Leave the images out. Give every line below again, precisely.

Saved data entries:
----------------

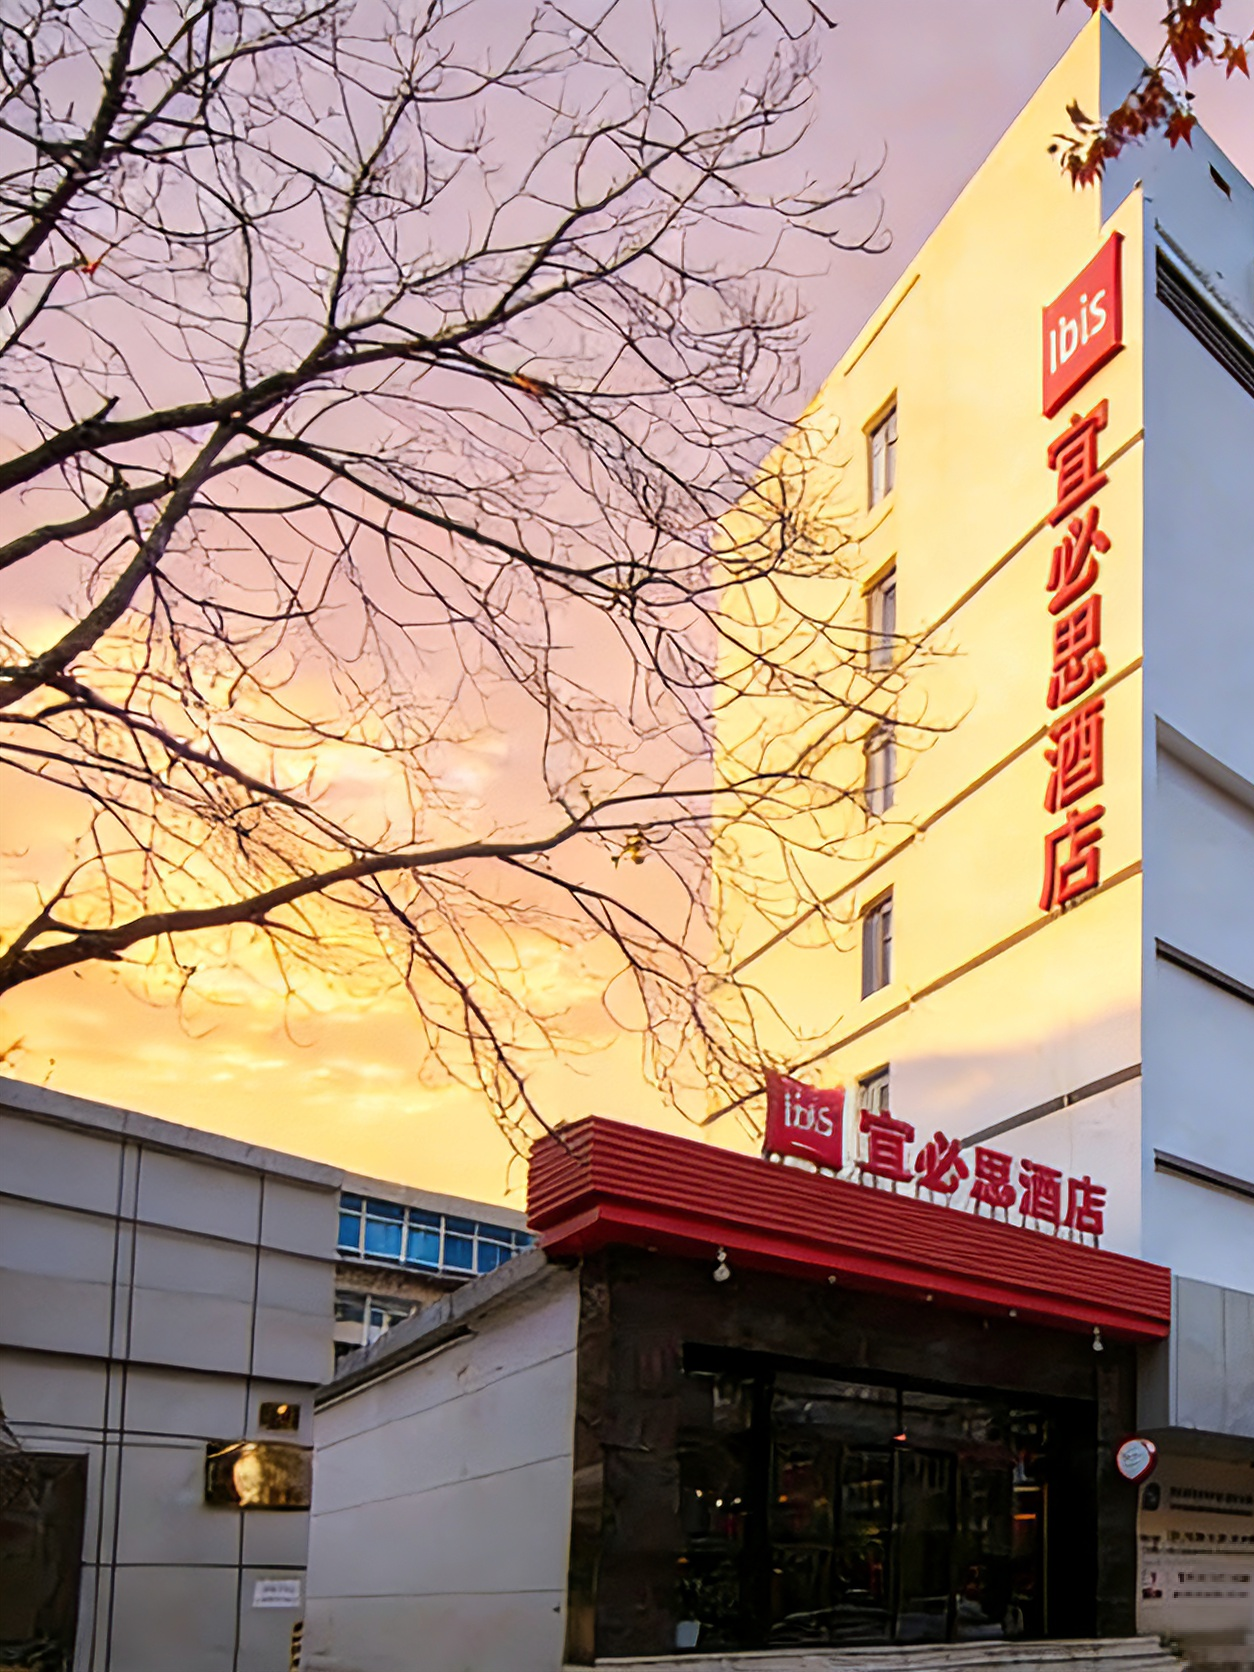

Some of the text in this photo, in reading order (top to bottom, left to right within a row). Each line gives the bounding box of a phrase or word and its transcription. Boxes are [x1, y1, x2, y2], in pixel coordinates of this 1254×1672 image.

[1039, 398, 1110, 912] 宜必思酒店
[858, 1108, 1107, 1235] 宜必思酒店
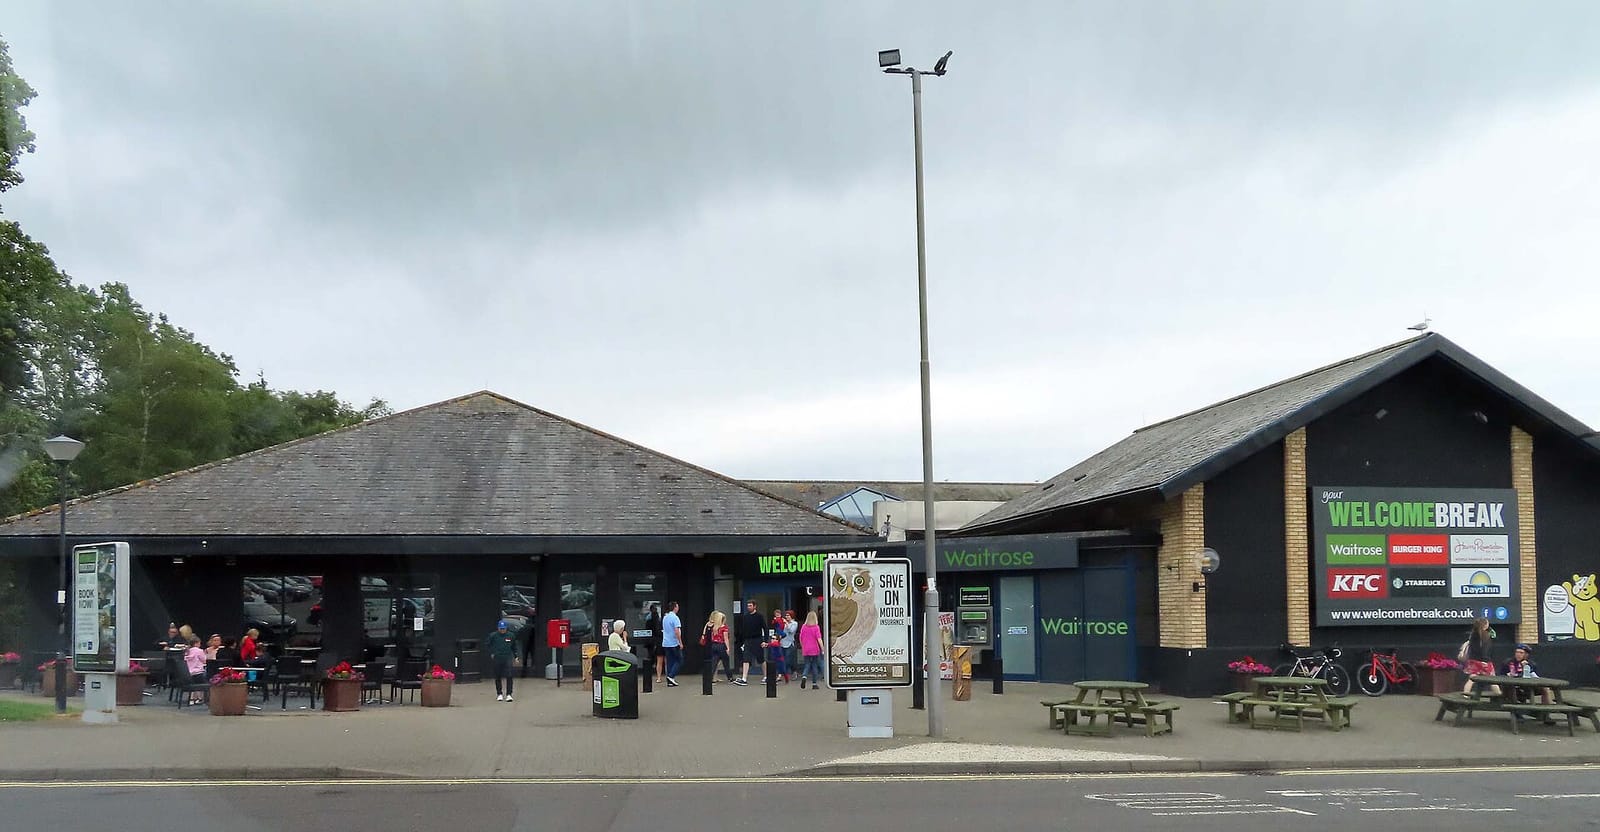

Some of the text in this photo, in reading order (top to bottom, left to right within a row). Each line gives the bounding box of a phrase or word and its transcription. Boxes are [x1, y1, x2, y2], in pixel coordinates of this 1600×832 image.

[1321, 491, 1343, 504] your
[1328, 502, 1504, 528] WELCOMEBREAK
[1330, 544, 1382, 555] Waitrose
[1392, 545, 1422, 553] BURGER
[944, 547, 1035, 567] Waitrose
[879, 574, 904, 588] SAVE
[1332, 574, 1382, 592] KFC
[1404, 579, 1446, 587] STARBUCKS
[79, 589, 95, 599] BOOK
[1462, 586, 1484, 595] Days
[885, 590, 899, 605] ON
[880, 607, 904, 617] MOTOR
[1331, 608, 1474, 619] www.welcomebreak.co.uk
[880, 618, 904, 626] INSURANCE
[866, 647, 904, 656] Be Wiser
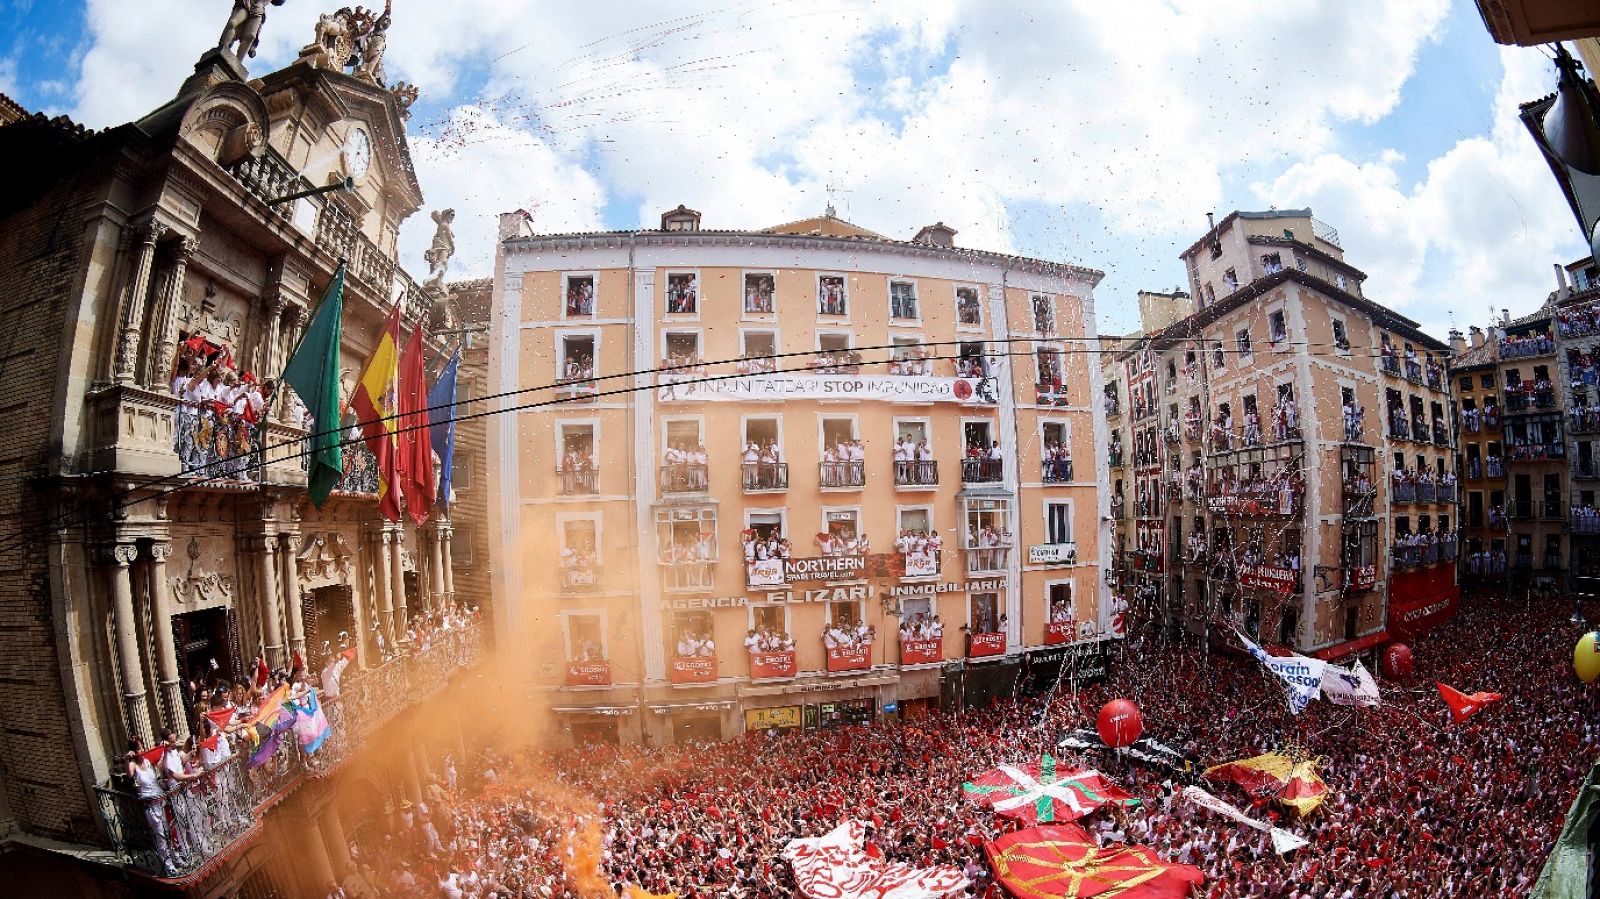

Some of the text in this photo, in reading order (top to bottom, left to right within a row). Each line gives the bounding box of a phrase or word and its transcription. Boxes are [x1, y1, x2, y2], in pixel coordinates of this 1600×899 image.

[823, 380, 863, 393] STOP
[785, 557, 865, 573] NORTHERN
[767, 585, 875, 604] ELIZARI
[890, 579, 1008, 596] INMOBILIARIA
[661, 597, 749, 610] AGENCIA

----------------

* _Output below_:
Some of the text in this photo, in reading order (top to bottom, left to right within a row). Each line gives the bounding box of a phrase or word and its transcription. Boxes are [x1, y1, x2, y2], in pixel coordinates of this 1254×1672 image.

[1039, 398, 1110, 912] 宜必思酒店
[858, 1108, 1107, 1235] 宜必思酒店

Some of the text in this photo, in reading order (top to bottom, left to right within a row). Each line gives the bounding box of a phrase or word and its transcription. Boxes are [x1, y1, x2, y2], in pixel coordinates of this 1600×832 image.

[1321, 491, 1343, 504] your
[1328, 502, 1504, 528] WELCOMEBREAK
[1330, 544, 1382, 555] Waitrose
[1392, 545, 1422, 553] BURGER
[944, 547, 1035, 567] Waitrose
[879, 574, 904, 588] SAVE
[1332, 574, 1382, 592] KFC
[1404, 579, 1446, 587] STARBUCKS
[79, 589, 95, 599] BOOK
[1462, 586, 1484, 595] Days
[885, 590, 899, 605] ON
[880, 607, 904, 617] MOTOR
[1331, 608, 1474, 619] www.welcomebreak.co.uk
[880, 618, 904, 626] INSURANCE
[866, 647, 904, 656] Be Wiser

Some of the text in this photo, in reading order (top to bottom, left to right within a row). Each line gives the bounding box of a phrase or word and its transcription. Boxes are [x1, y1, x2, y2], in pixel coordinates of this 1600×899 image.

[823, 380, 863, 393] STOP
[785, 557, 865, 573] NORTHERN
[767, 585, 875, 604] ELIZARI
[890, 579, 1008, 596] INMOBILIARIA
[661, 597, 749, 610] AGENCIA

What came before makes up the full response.